I was not an especially dedicated student. Throughout my 4 years in college, I could pretty easily swing a "B" in just about any class without putting in very much effort. If I had a paper to write, rarely a word was written until the night before. The same principle applied to most exams and other assignments and projects. I always felt like I could get better grades if I actually put in the effort, but I was content with my "B"s since I felt confident I knew what needed to be done to get an "A" if I really wanted.
My senior year of college I took a class that I absolutely loved more than any class I had ever taken. There were classes before it for which I did not ever once even open the textbook, but this class I read more of the assigned readings than I had for all of my other classes combined. We were assigned a paper at one point, for this class that I so dearly loved, for which I had put more effort than any other class. I was feeling pretty confident.
Would you like to guess what grade I received?
I marched that "B"-graded paper right into my professor's office to lecture him about how much more effort I had put into his class than any class I had ever taken, and how could he give me a "B"?!?
I absolutely deserved a "B", for the record.
That was almost 10 years ago now, and while I no longer fulfill the role of "student", I seem to fall into the same attitude about the many new roles I do play. I am often content with my "B" efforts at parenting, marriage, business, other relationships, housework, just about everything. I often view the things that I could do to improve the quality of these aspects of my life as not worth that extra effort since things are already pretty good (except housework. I'm far from "pretty good" at housework). The amount of effort to bring me to that next level is a lot of work that I just don't want to do sometimes.
I usually try to stop thinking about it before I feel too convicted... especially when it comes to my faith. I mean, I teach Sunday School, I blog here, I go to church, tell my kids about Jesus and pray every day. That's pretty good, right? I know I could work a little harder to improve my personal bible study, to hold myself to a higher standard in keeping Christ as the foundation of my marriage, etc. Sure, I think I know what I could do to get a "better grade", but I too often feel like things are good enough as they are.
Matthew 5:48 "Be perfect, therefore, as your heavenly Father is perfect".
That extra effort I don't want to put in is commanded by God. It's been pretty convicting to type this out, confessing my weaknesses in black and white. Even when I do catch myself in that attitude and try to put in that extra effort, I still find myself falling short. I always will.
Romans 3:23 "All have sinned and fall short of the glory of God".

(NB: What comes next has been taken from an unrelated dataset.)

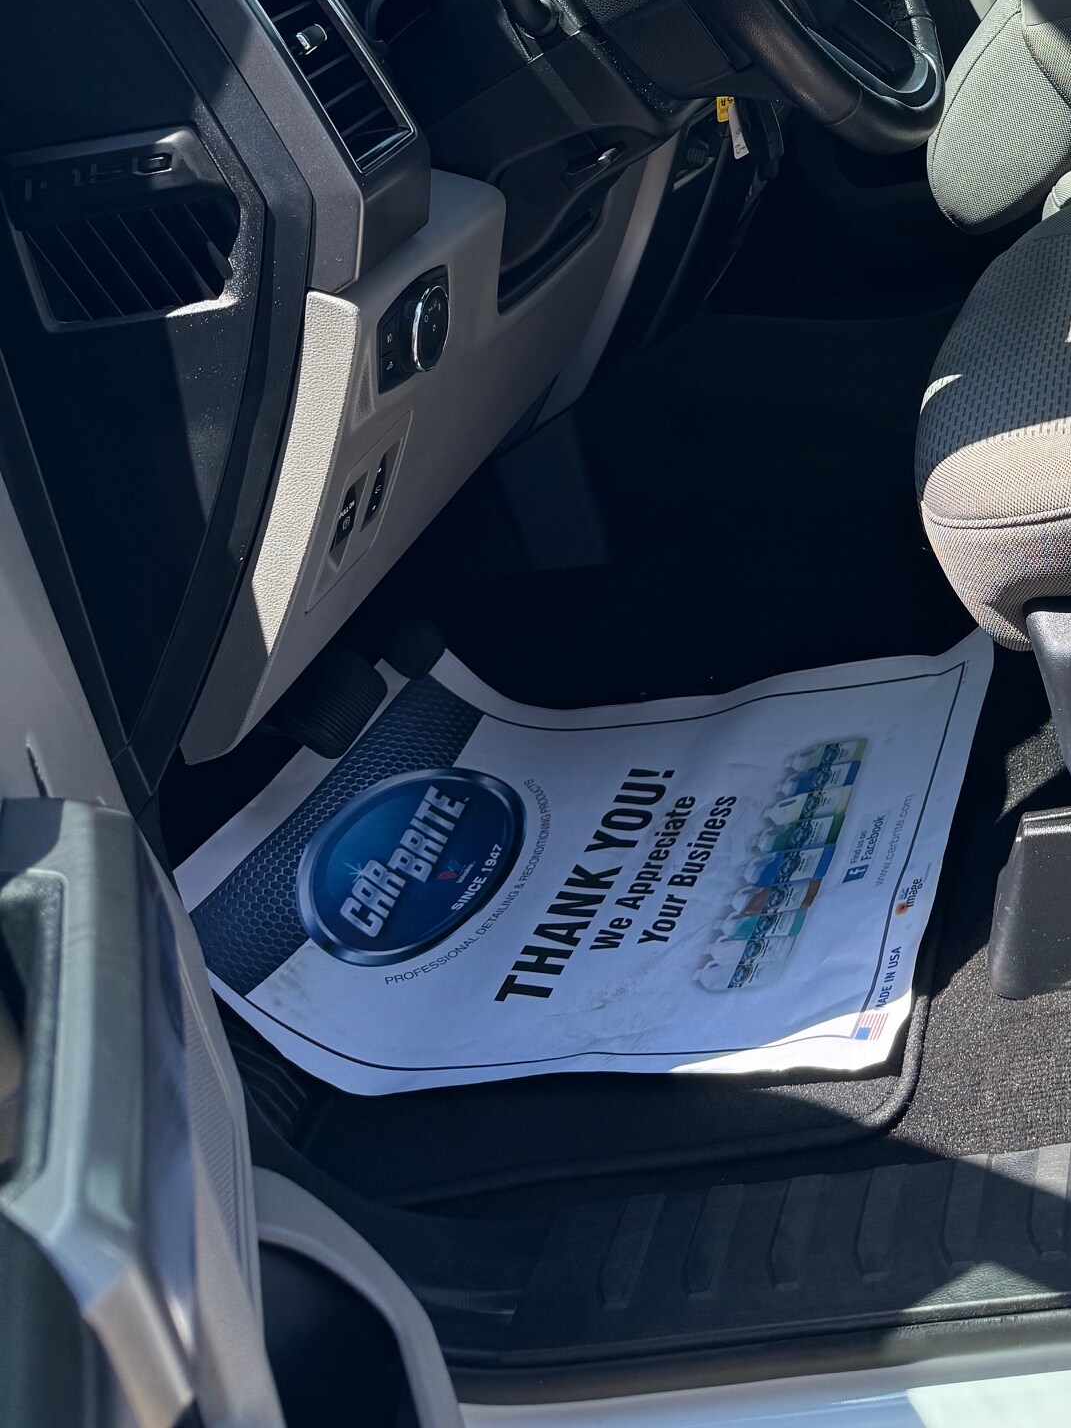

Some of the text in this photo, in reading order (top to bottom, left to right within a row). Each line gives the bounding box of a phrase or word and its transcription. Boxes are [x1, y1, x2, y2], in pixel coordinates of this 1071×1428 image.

If I needed all A's to graduate from college, I would have put in more effort. I also would have failed. There is no "pretty good" when perfection is called for.
Fortunately, my salvation is not dependent on my effort the way my graduation was.
Romans 3:24 "And all are justified freely by his grace through the redemption that came by Jesus Christ"
When it comes to salvation, I did not pay my own way, my errors are not counted against me, and yet my "graduation" is secure. I shouldn't be putting in a "B" effort because it will be good enough. I should put in an "A" effort out of gratitude in my heart to a Savior who knew I would fall short, and made the ultimate sacrifice on my behalf.
Romans 6:18-23 You have been set free from sin and have become slaves to righteousness. I am using an example from everyday life because of your human limitations. Just as you used to offer yourselves as slaves to impurity and to ever-increasing wickedness, so now offer yourselves as slaves to righteousness leading to holiness. When you were slaves to sin, you were free from the control of righteousness. What benefit did you reap at that time from the things you are now ashamed of? Those things result in death! But now that you have been set free from sin and have become slaves of God, the benefit you reap leads to holiness, and the result is eternal life. For the wages of sin is death, but the gift of God is eternal life in Christ Jesus our Lord.